Comissão mista aprova novas regras

O projeto de uma nova Lei do Empregado Doméstico, que trata da admissão do trabalhador à impenhorabilidade do bem de família no caso de cobrança judicial dos débitos trabalhistas e previdenciários, foi aprovado na tarde desta quinta-feira (6) por comissão mista do Congresso.

O texto, que será enviado ao presidente do Congresso, senador Renan Calheiros, regulamenta a Emenda Constitucional 72/2013, que equipara os direitos dos trabalhadores domésticos aos dos demais empregados urbanos e rurais. O projeto ainda passará pelos Plenários da Câmara e do Senado.

O projeto é resultado de negociações com as centrais sindicais, conduzidas pelo relator da comissão mista, senador Romero Jucá (PMDB-RR), e recebeu contribuições do Tribunal Superior do Trabalho (TST). O presidente da comissão mista, que estuda a regulamentação de dispositivos da Constituição e a consolidação da legislação brasileira, é o deputado Cândido Vacarezza (PT-SP).

Veja os principais pontos da regulamentação, que ainda deverá ser votada pelos Plenários das duas Casas:

Admissão – Veda a contratação de menor de 18 anos para o desempenho do trabalho doméstico e fixa em 48 horas o prazo para anotar, na Carteira de Trabalho, a data de admissão e a remuneração.

Contratos – Prevê três tipos de contrato: de experiência (por no máximo 90 dias), por prazo indeterminado (a maioria dos casos) e por prazo determinado (máximo de dois anos).

Jornada – A duração do trabalho não deverá exceder oito horas diárias e 44 horas semanais. Há ainda o regime de tempo parcial, cuja duração não deve exceder 25 horas semanais. O projeto faculta às partes, mediante acordo escrito, estabelecer horário de trabalho de 12 horas seguidas por 36 horas ininterruptas de descanso.

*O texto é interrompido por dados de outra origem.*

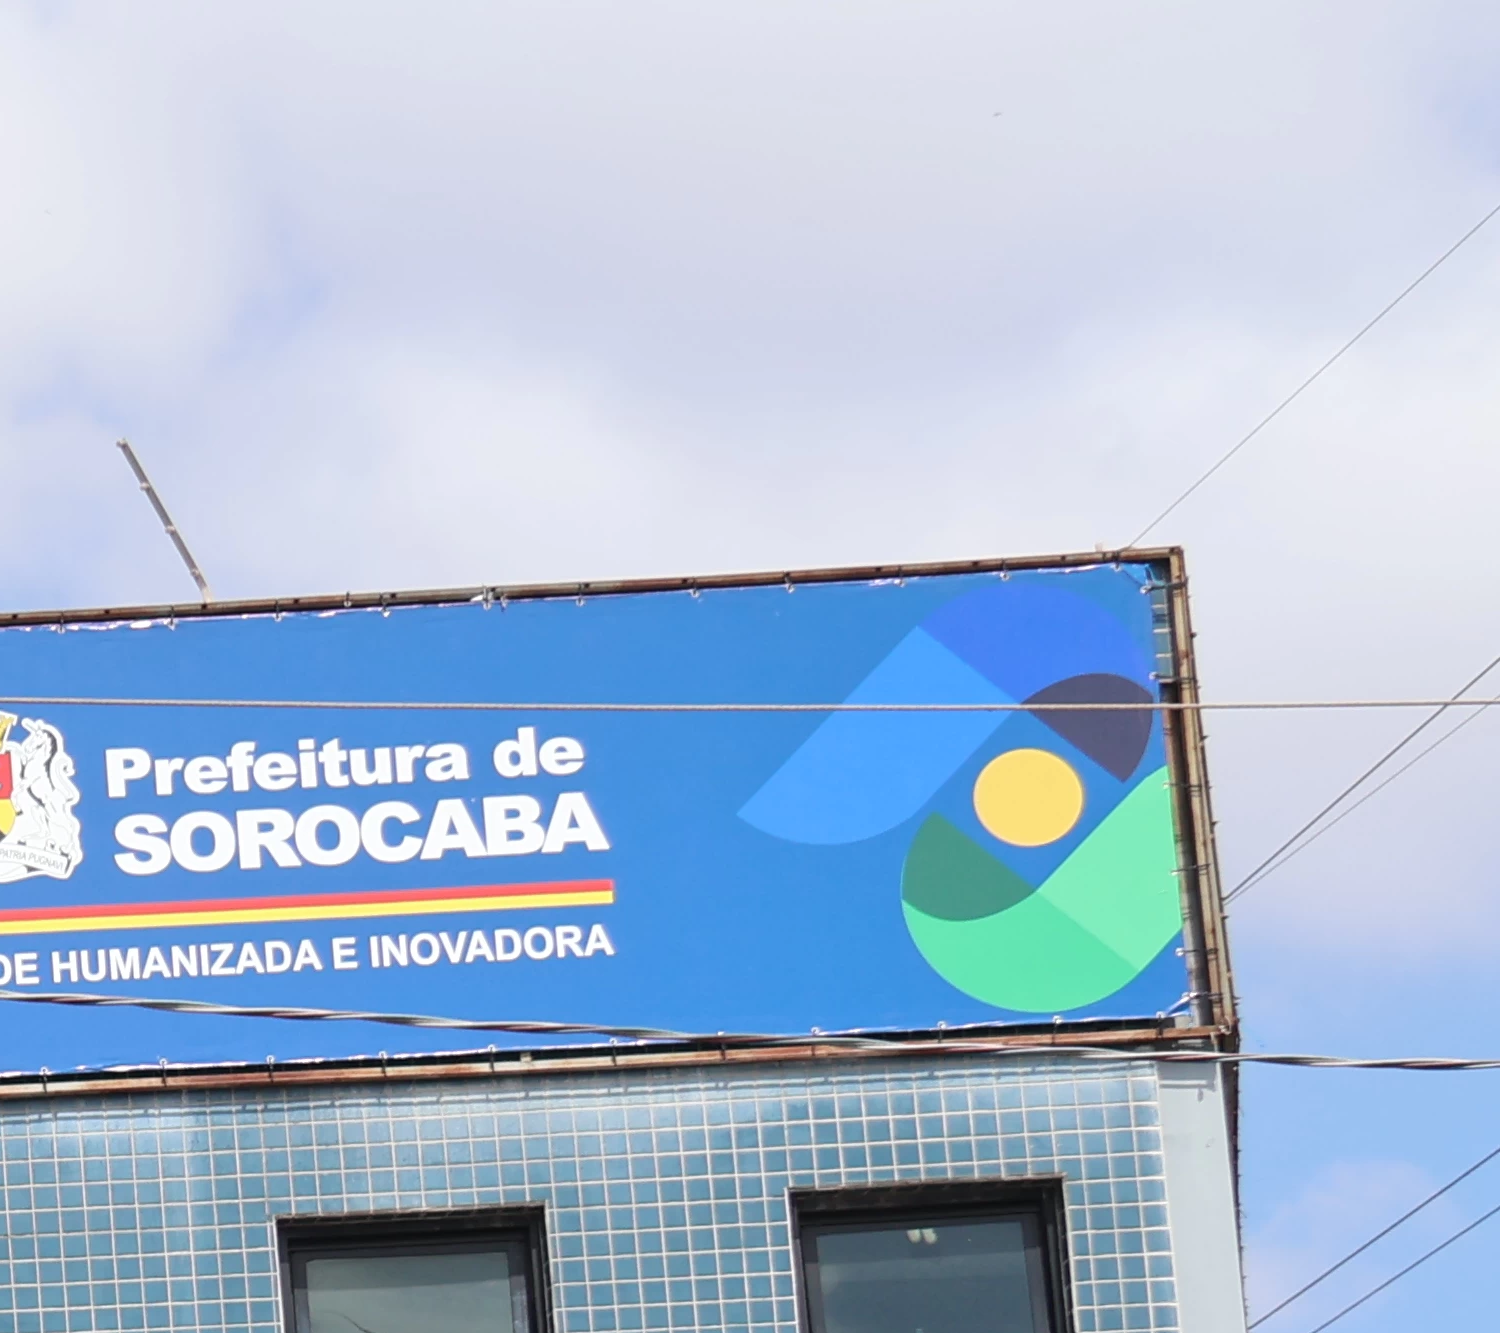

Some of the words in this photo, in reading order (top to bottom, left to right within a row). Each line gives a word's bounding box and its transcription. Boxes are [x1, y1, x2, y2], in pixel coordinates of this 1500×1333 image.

Intervalos – O projeto obriga à concessão de intervalo para repouso ou alimentação, pelo período mínimo de uma hora, mas admite sua redução a 30 minutos, mediante prévio acordo escrito entre empregador e empregado. Os intervalos, o tempo de repouso, as horas não trabalhadas, os feriados e os domingos livres em que os empregados que moram no trabalho nele permaneçam não serão computados como horário de trabalho.